Your goal: Repeat exactly the lines below that lie between the line with "this 1600×1200 image." and the line with "this 1754×1240 image.", counting both of those lines as part of the answer.

[Exercise input — start]

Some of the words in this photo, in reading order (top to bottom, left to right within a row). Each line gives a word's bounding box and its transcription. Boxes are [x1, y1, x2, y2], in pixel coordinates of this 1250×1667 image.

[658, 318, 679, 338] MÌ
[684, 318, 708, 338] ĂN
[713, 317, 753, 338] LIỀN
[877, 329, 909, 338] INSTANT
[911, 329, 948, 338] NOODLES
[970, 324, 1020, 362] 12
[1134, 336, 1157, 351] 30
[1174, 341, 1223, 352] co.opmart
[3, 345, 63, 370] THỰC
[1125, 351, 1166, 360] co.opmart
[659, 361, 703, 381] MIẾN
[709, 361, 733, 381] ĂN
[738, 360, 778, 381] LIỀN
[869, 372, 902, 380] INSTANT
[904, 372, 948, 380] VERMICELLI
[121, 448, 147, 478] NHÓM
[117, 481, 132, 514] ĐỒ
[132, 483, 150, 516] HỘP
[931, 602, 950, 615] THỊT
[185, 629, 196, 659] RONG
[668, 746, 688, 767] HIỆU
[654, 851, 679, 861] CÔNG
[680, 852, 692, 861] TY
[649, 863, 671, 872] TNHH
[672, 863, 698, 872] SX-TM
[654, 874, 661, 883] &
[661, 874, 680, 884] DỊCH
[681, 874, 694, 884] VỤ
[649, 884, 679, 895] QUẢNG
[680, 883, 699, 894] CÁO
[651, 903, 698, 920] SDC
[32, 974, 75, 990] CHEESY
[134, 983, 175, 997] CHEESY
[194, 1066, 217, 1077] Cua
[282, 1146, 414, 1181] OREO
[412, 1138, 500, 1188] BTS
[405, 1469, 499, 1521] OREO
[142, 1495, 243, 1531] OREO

[Exercise input — finish]
[Exercise input — start]

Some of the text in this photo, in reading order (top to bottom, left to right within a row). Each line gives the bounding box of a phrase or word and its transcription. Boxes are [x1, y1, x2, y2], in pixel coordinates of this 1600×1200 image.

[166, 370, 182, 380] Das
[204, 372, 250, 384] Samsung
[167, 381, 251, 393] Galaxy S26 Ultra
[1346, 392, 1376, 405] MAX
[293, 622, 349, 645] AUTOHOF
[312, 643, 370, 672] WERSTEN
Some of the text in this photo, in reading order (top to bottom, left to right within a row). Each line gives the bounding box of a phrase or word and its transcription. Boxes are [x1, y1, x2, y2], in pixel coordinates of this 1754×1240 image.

[Exercise input — finish]
[Exercise input — start]

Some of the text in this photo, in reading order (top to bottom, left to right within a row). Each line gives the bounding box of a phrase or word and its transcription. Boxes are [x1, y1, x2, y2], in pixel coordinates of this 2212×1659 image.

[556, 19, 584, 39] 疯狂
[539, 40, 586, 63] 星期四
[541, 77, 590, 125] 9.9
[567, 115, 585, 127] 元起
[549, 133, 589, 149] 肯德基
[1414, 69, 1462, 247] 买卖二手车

[Exercise input — finish]

Solution to this task:
Some of the text in this photo, in reading order (top to bottom, left to right within a row). Each line gives the bounding box of a phrase or word and its transcription. Boxes are [x1, y1, x2, y2], in pixel coordinates of this 1600×1200 image.

[166, 370, 182, 380] Das
[204, 372, 250, 384] Samsung
[167, 381, 251, 393] Galaxy S26 Ultra
[1346, 392, 1376, 405] MAX
[293, 622, 349, 645] AUTOHOF
[312, 643, 370, 672] WERSTEN
Some of the text in this photo, in reading order (top to bottom, left to right within a row). Each line gives the bounding box of a phrase or word and its transcription. Boxes are [x1, y1, x2, y2], in pixel coordinates of this 1754×1240 image.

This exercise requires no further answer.